::: TASK INPUTS

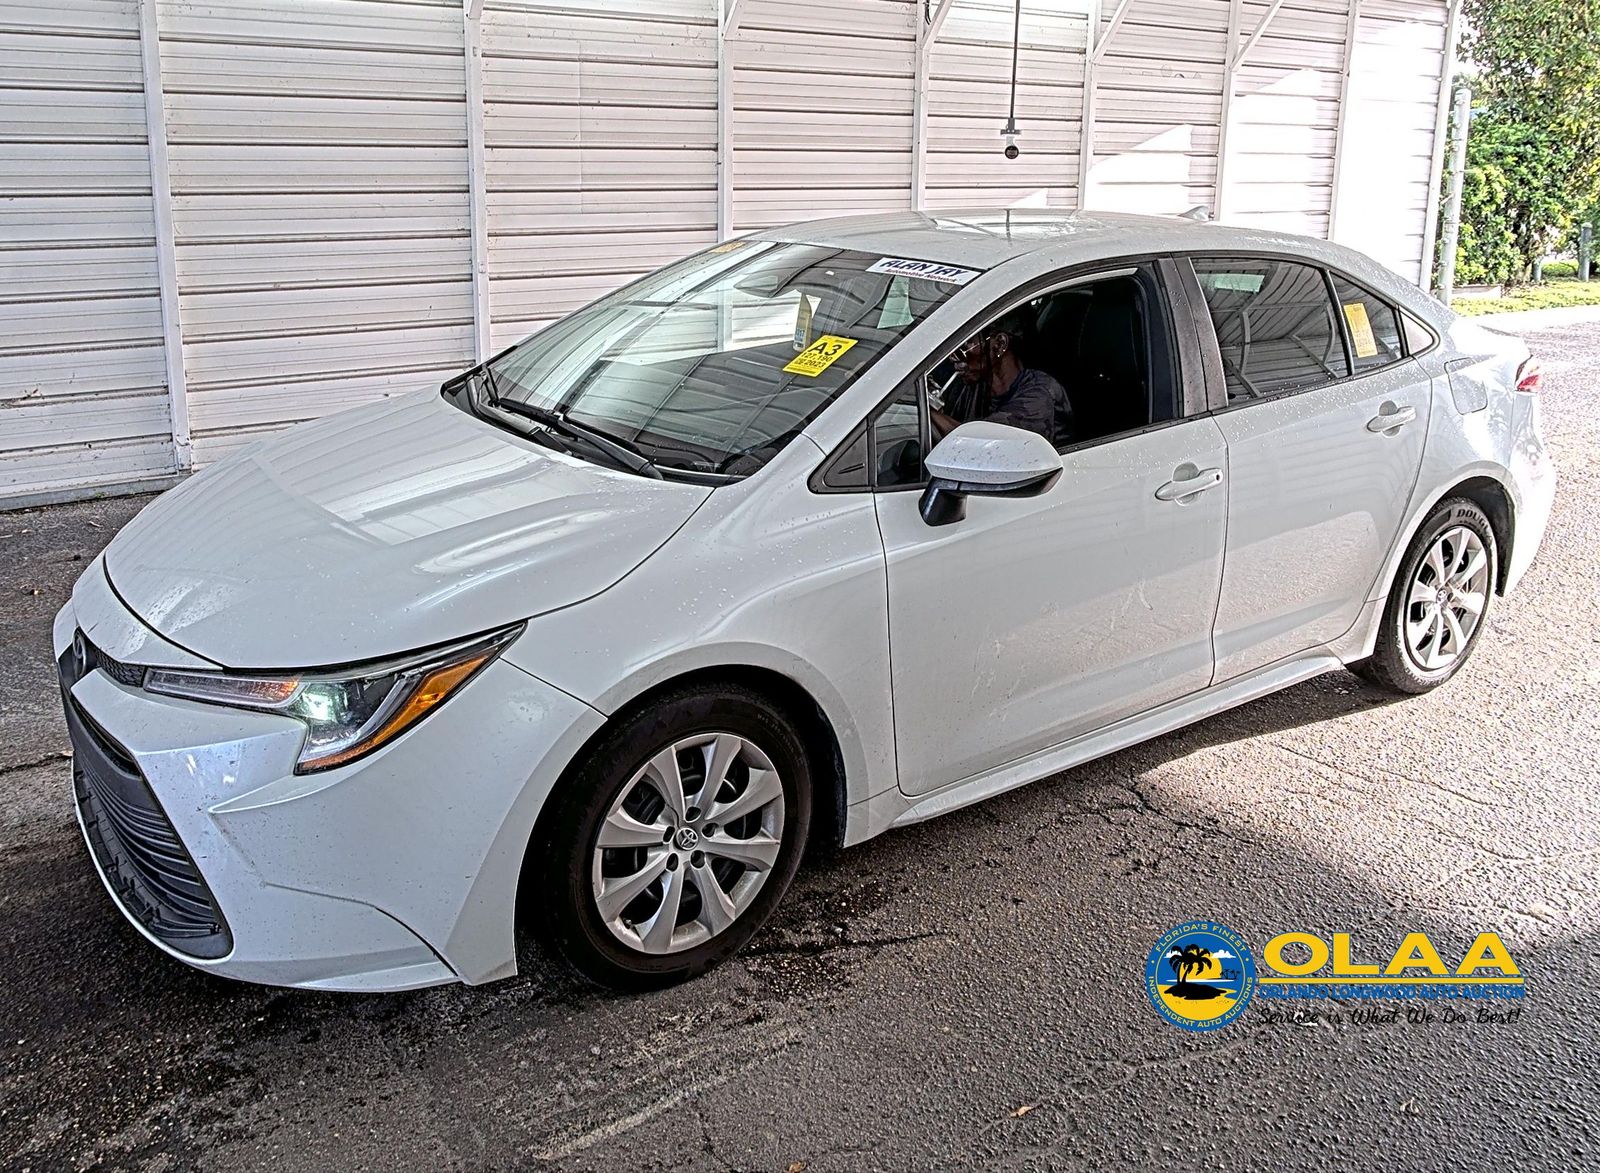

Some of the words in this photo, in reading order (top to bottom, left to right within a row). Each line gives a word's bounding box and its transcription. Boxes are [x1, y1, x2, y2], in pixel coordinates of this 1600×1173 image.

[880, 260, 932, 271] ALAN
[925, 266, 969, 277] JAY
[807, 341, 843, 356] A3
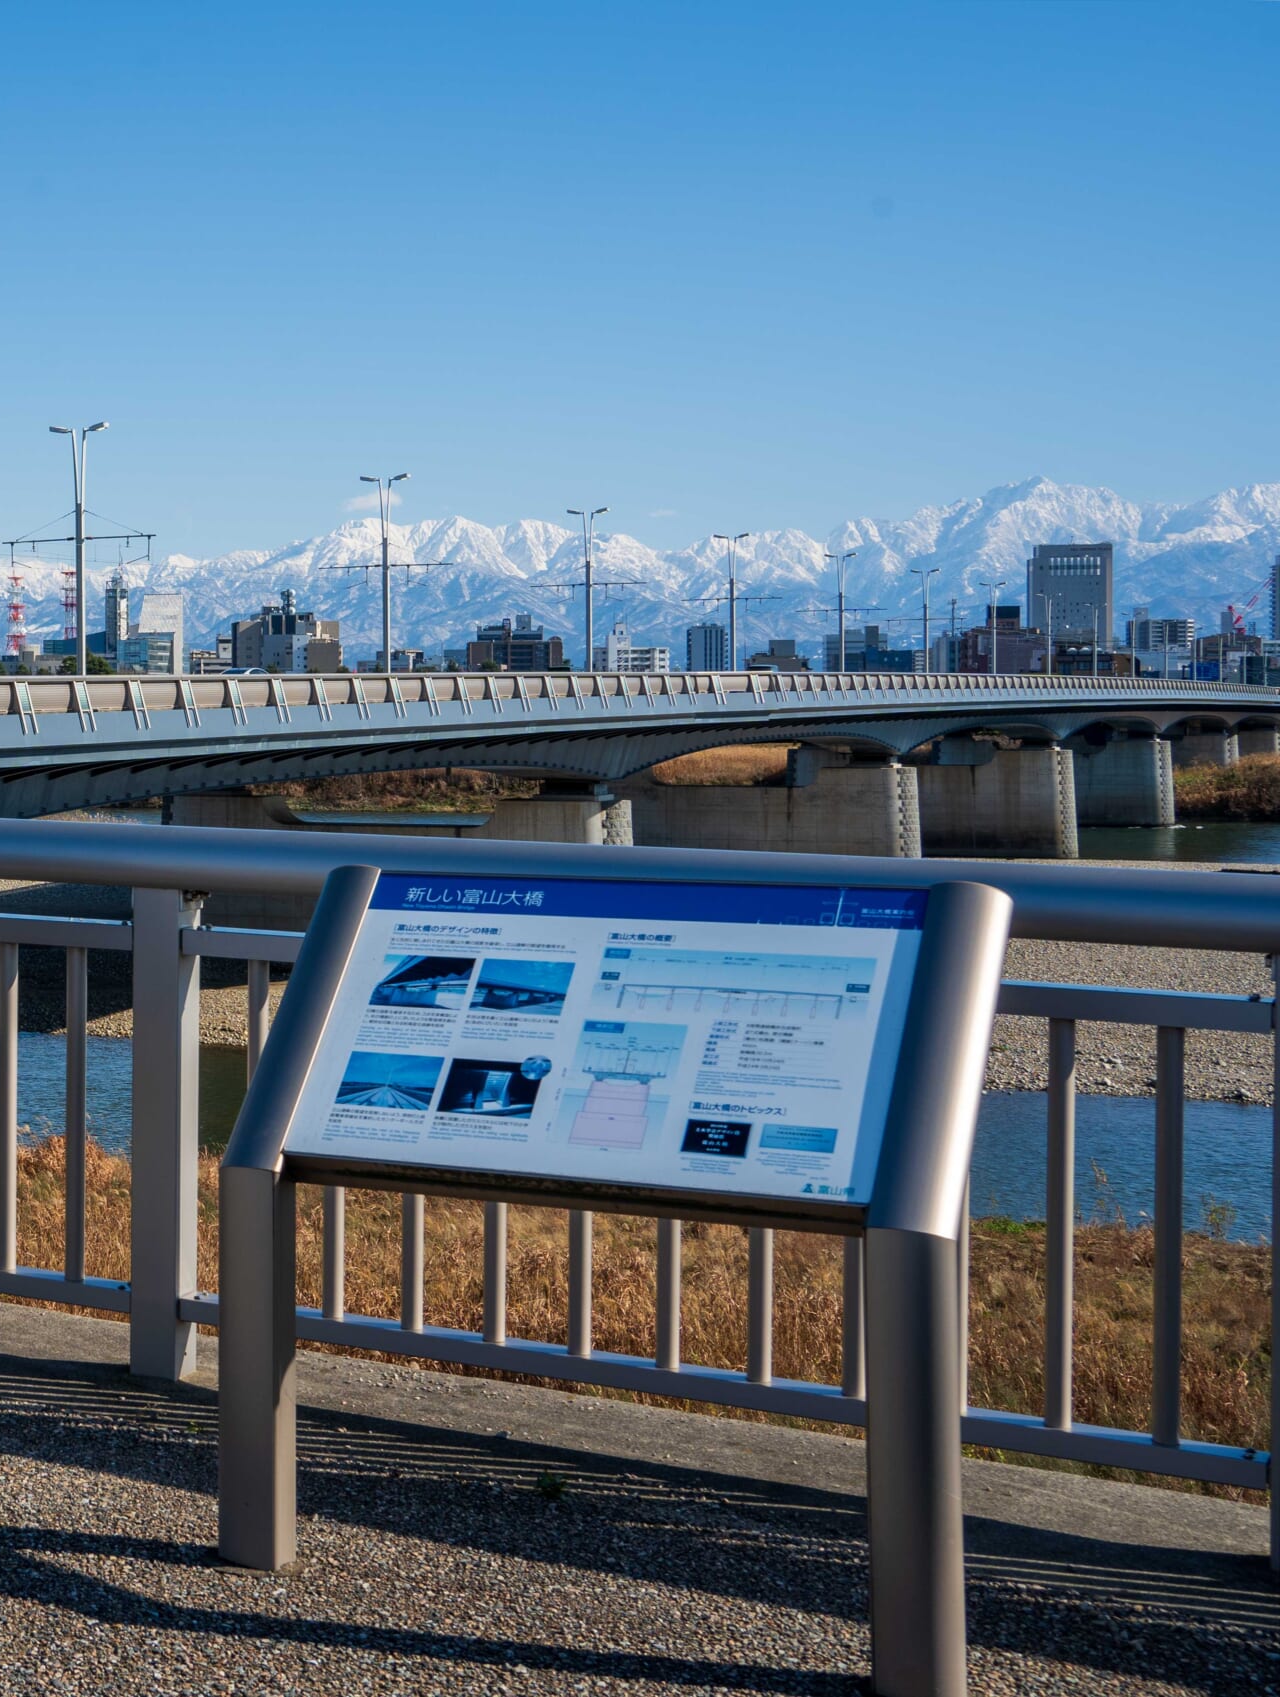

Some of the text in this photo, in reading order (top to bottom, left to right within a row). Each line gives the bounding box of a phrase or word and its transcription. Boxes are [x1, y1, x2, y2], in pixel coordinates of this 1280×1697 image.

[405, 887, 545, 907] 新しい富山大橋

::::::

DESCRIPTION OF THE TASK »
Return every line of the data above exactly, and omit all pictures.

SOLVED EXERCISE »
Some of the words in this photo, in reading order (top to bottom, left to right within a row). Each line gives a word's bounding box and its transcription. Boxes are [x1, y1, x2, y2], in pixel coordinates of this 1600×1173 image.

[880, 260, 932, 271] ALAN
[925, 266, 969, 277] JAY
[807, 341, 843, 356] A3

Some of the text in this photo, in reading order (top to bottom, left to right within a row). Each line gives the bounding box of a phrase or word and its transcription. Boxes are [x1, y1, x2, y2], in pixel coordinates of this 1280×1697 image.

[405, 887, 545, 907] 新しい富山大橋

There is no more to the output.